The woman sued the gynecologist; the general surgeon who had assisted the obstetrician/gynecologist with surgery also was named as a defendant. A $562,000 verdict was returned against the obstetrician/gynecologist alone.
A 34-year-old Illinois woman underwent diagnostic laparoscopy for suspected endometriosis in 1995. During the procedure the woman's bladder was perforated, but the problem went unrecognized. The patient was discharged despite failing to exhibit the ability to void. Her husband phoned the operating physician's office that afternoon and told a nurse that the patient was having severe abdominal pain that did not decrease with ibuprofen and that fluid from the incision site was soaking through several washcloths. The nurse put the man on hold and informed the doctor of the woman's complaints. The physician did not speak with the patient and told the nurse to prescribe acetaminophen with codeine. Around midnight the woman went to a hospital, where she was diagnosed with a perforated bladder, peritonitis, and disseminated intravascular coagulation. She required an open laparotomy to repair the bladder perforation.
The woman sued the physician, who contended that perforation of the bladder was a known complication of the procedure and that the woman's bladder perforation was retroperitoneal, so intraoperative recognition of the perforation was not the standard of care. The physician also maintained that the phone call was handled properly, since postoperative pain is expected. A $409,090 verdict was returned by the jury. The verdict is subject to a $150,000 setoff from a settlement with the hospital.
A Colorado woman sued her gynecologist and the hospital, claiming that the he perforated her colon during a vaginal hysterectomy, necessitating a diverting colostomy and colostomy takedown. She further alleged that the physician failed to timely diagnose her condition after the hysterectomy.

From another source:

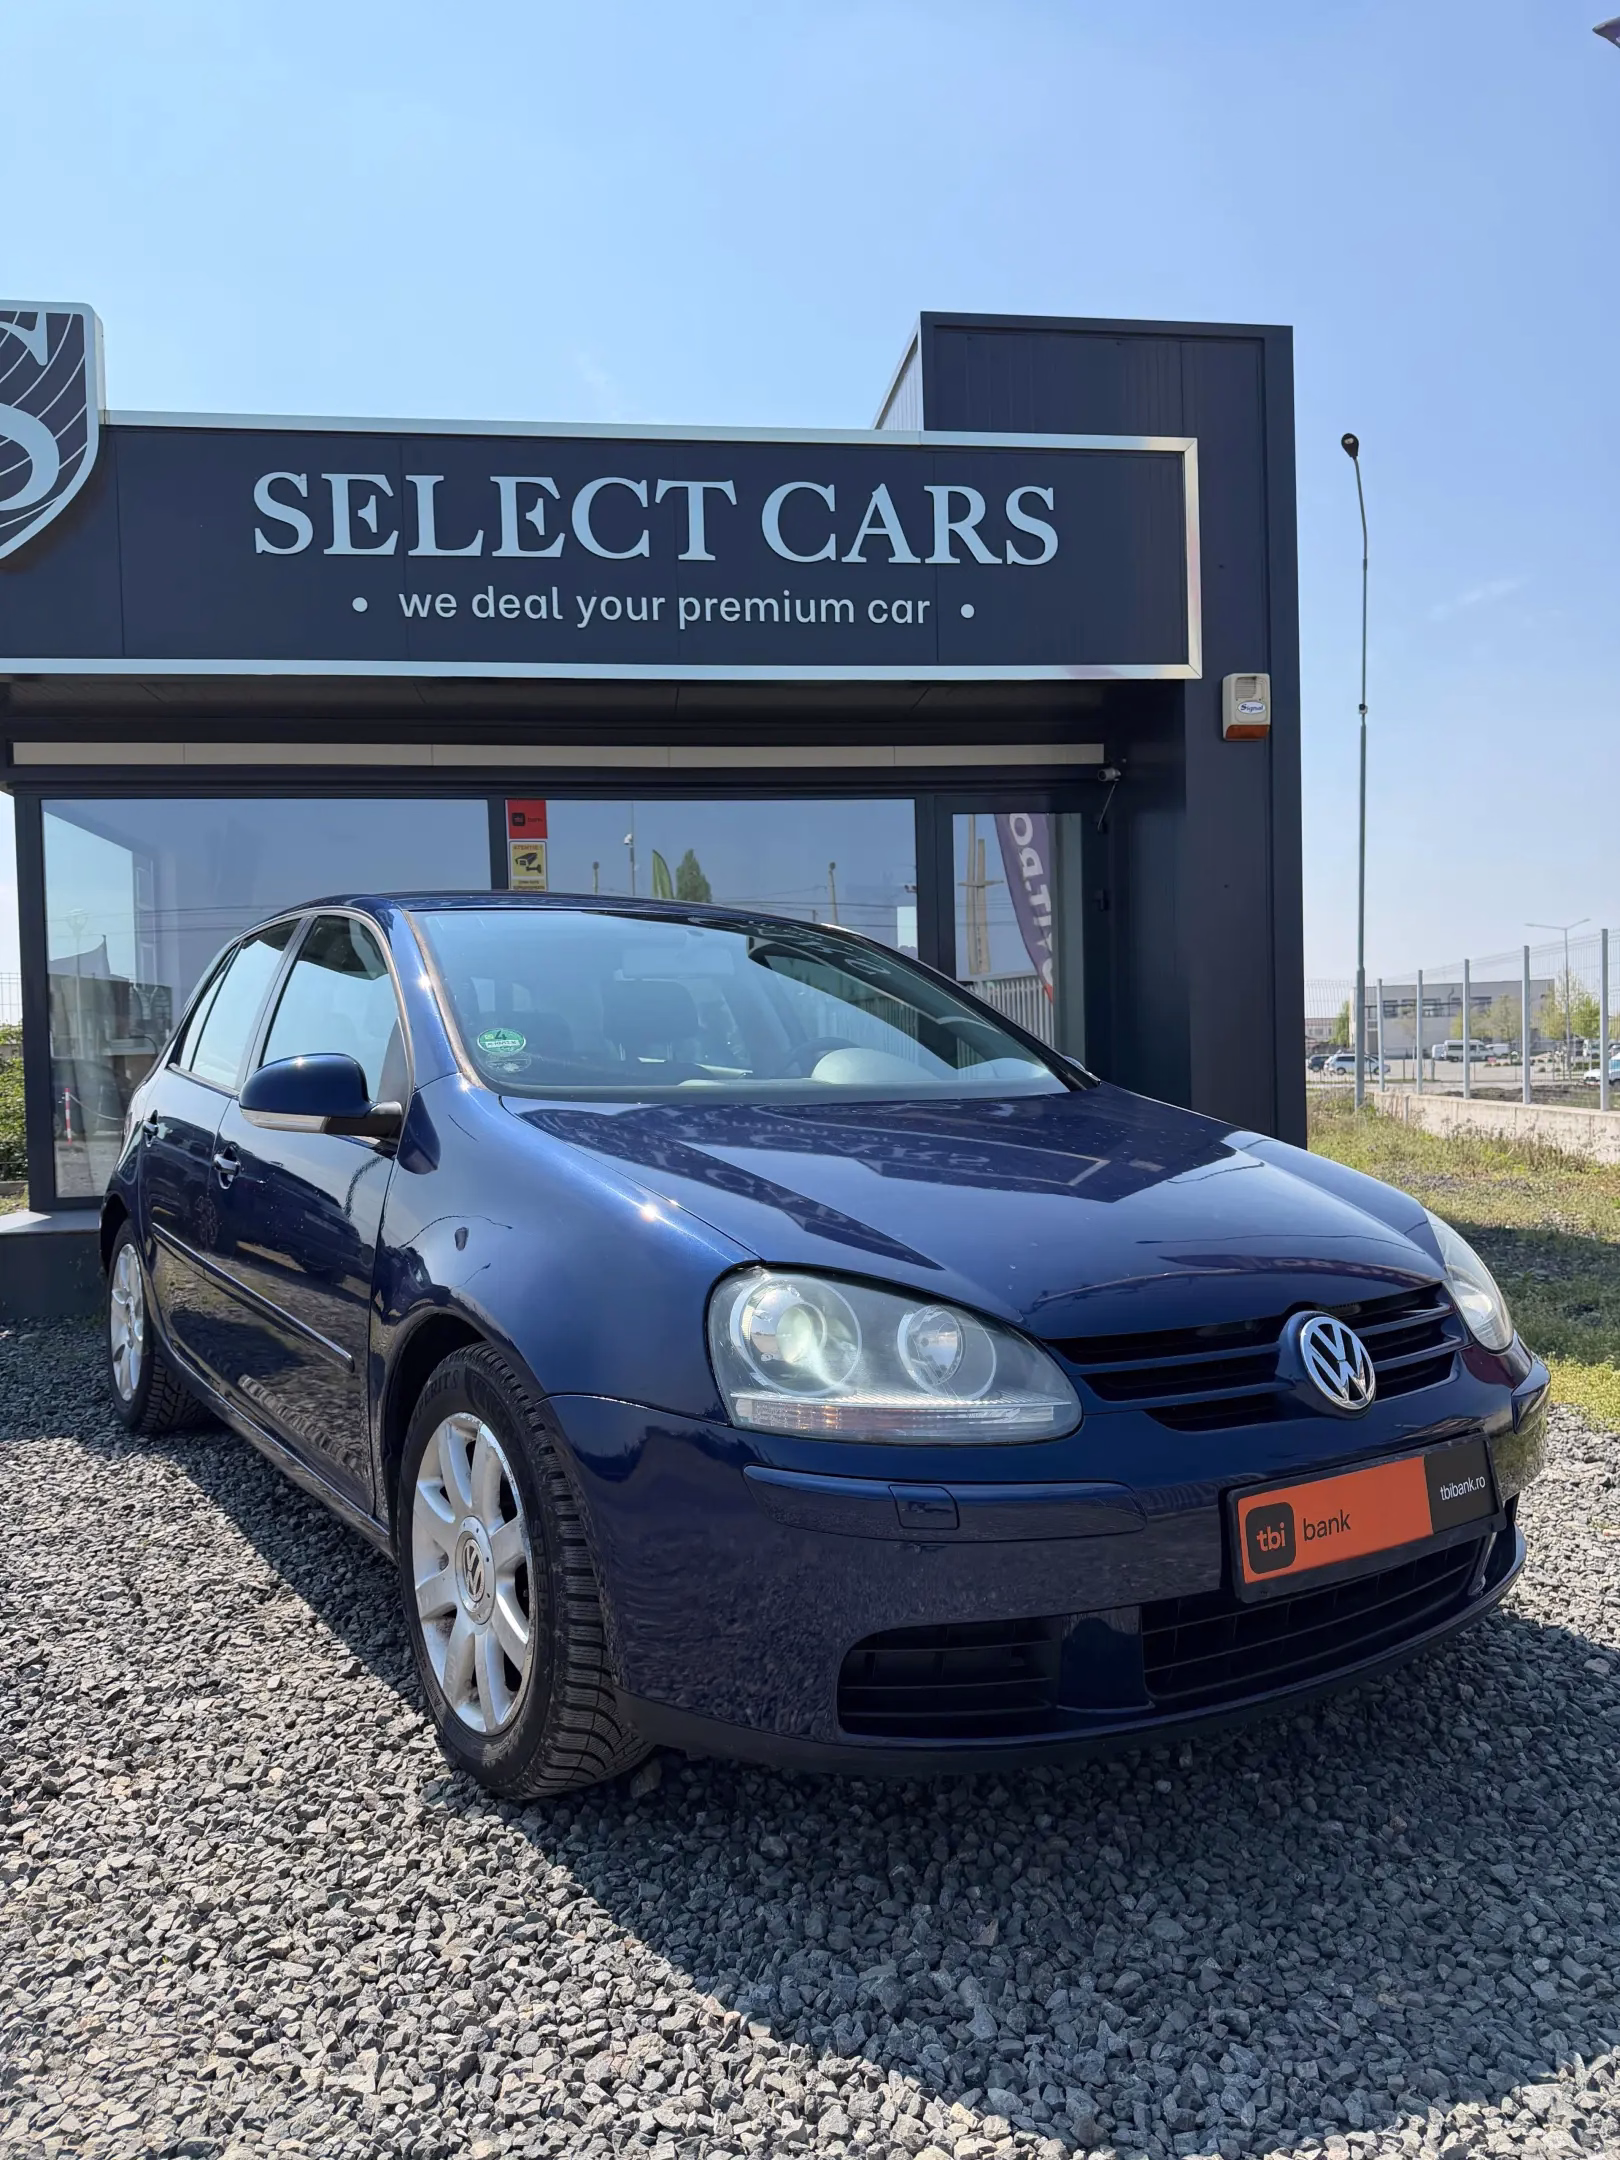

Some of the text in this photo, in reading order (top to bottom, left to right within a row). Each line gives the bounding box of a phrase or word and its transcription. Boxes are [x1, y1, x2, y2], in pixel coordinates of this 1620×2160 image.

The gynecologist denied that he perforated the bowel and argued that the woman developed a postoperative infection. He specifically maintained that the bowel specimen removed in the second surgery did not reveal perforation. A confidential settlement was reached with the hospital, but a defense verdict was returned for the physician. He was also awarded costs of $37,000.

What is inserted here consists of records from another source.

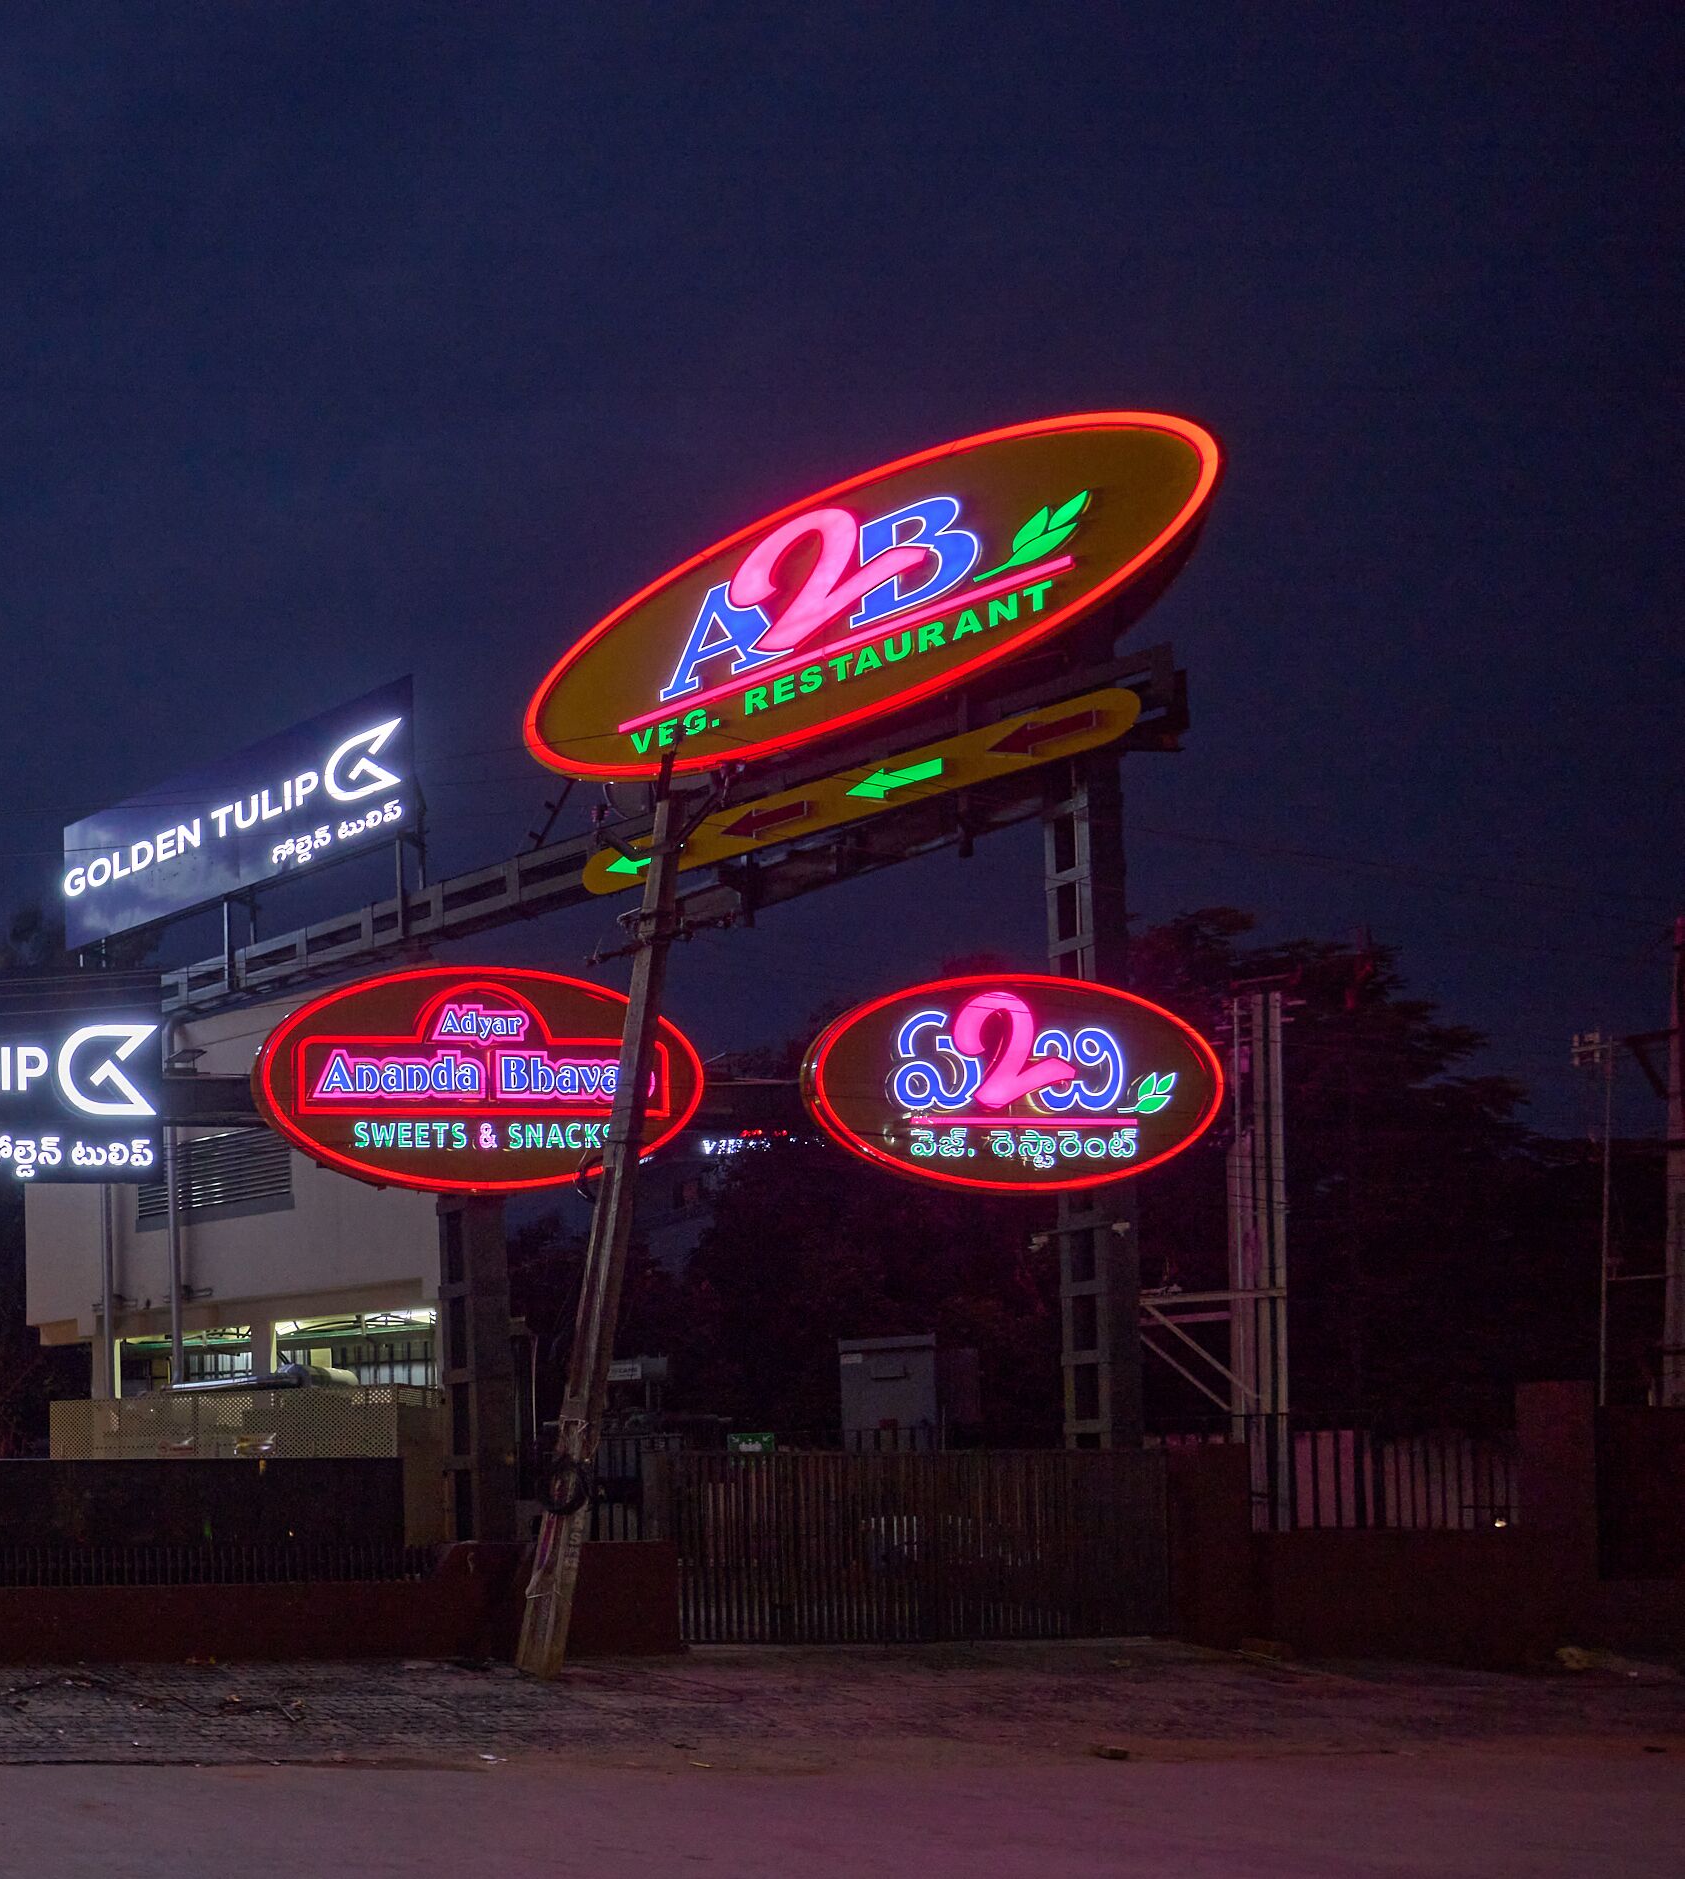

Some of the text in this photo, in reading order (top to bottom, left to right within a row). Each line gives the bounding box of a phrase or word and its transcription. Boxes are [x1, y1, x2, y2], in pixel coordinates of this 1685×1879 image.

[659, 495, 981, 702] A2B
[630, 580, 1053, 754] VEG. RESTAURANT
[63, 771, 319, 896] GOLDEN TULIP
[271, 800, 402, 864] గోల్డెన్ టులిప్
[439, 1009, 524, 1039] Adyar
[322, 1055, 620, 1095] Ananda Bhava
[71, 1138, 154, 1167] టులిప్
[353, 1121, 467, 1149] SWEETS
[478, 1122, 498, 1149] &

In delivering an infant in 1986, an Ohio obstetrician encountered a shoulder dystocia. Following the delivery, the child was diagnosed with a brachial plexus injury and has a partial paralysis of her right arm. In the lawsuit that followed, lawyers for the child claimed her injuries resulted from the physician applying excessive downward traction on her head during delivery.

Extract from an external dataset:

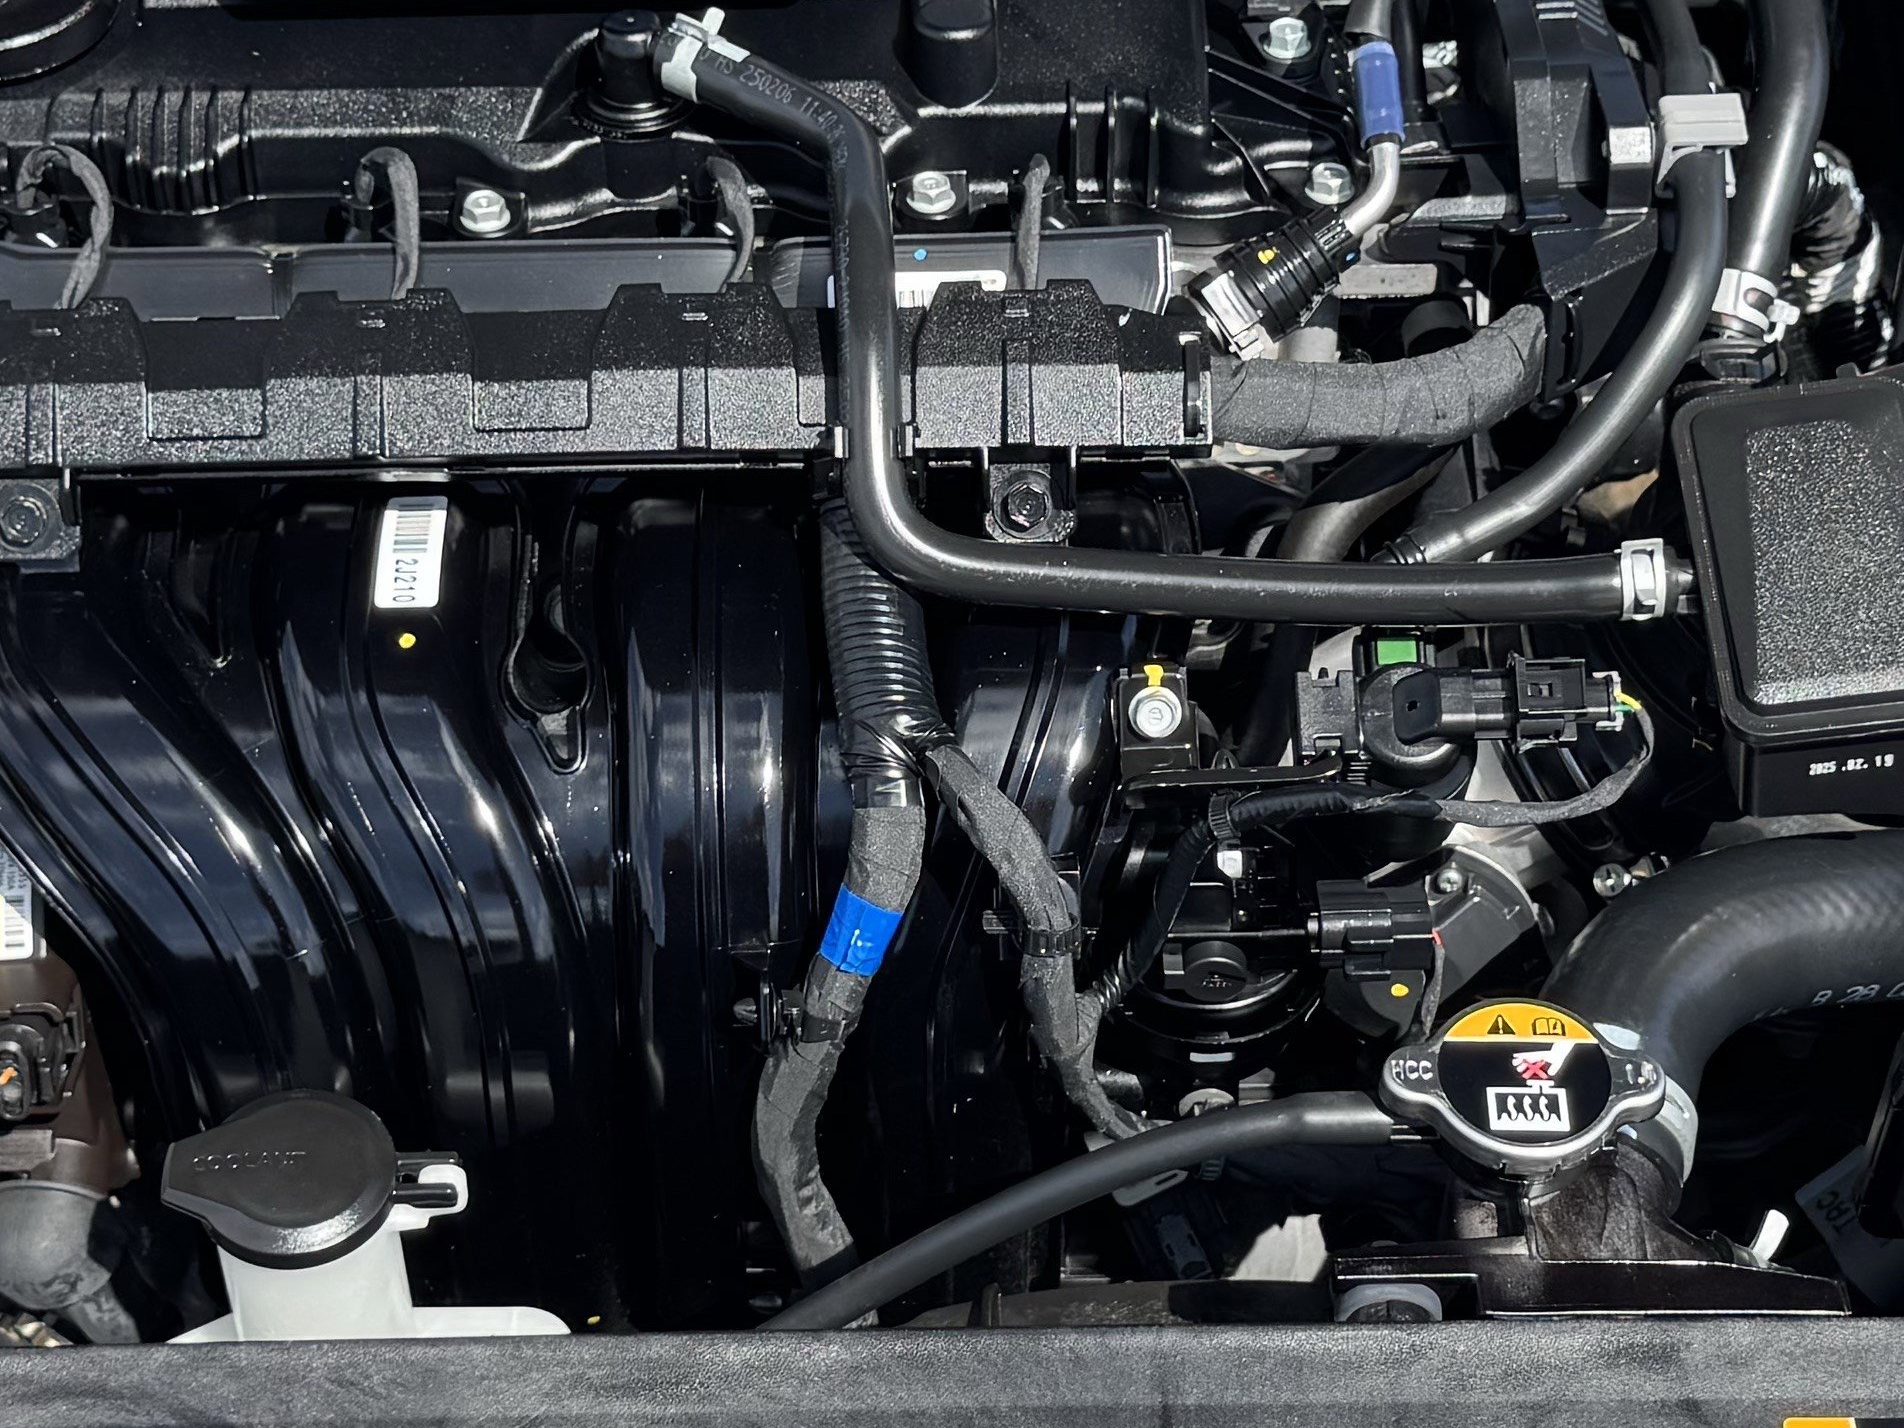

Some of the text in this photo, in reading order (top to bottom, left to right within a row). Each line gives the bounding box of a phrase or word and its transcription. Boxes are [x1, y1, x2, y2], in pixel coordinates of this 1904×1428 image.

[739, 64, 795, 104] 250206
[392, 558, 419, 603] 2J210
[1390, 1059, 1434, 1082] HCC
[192, 1150, 307, 1172] COOLANT

The obstetrician contended that her care met or exceeded the applicable standards and that the child's injury was not caused by the use of excessive traction. She argued that the injury had been caused in utero and during delivery as a result of a combination of uterine contractions, the expulsive forces of labor, and the use of a usual amount of traction. The jury returned a verdict for the child in the amount of $900,000.
Many times, the factual information available about the cases presented here is incomplete. Thus it may not always be possible to discuss all of the elements of negligence or nuances involved in a given situation. The outcomes described also may not reflect the current standard of care or the best practice in obstetrics and gynecology. What these cases do represent are the types of clinical situations in the specialty that typically result in litigation and the variation in jury verdicts and awards across the nation. Some of the cases described have merit but many do not.
Dawn Collins. Legally Speaking. Contemporary Ob/Gyn 2003;3:31-32.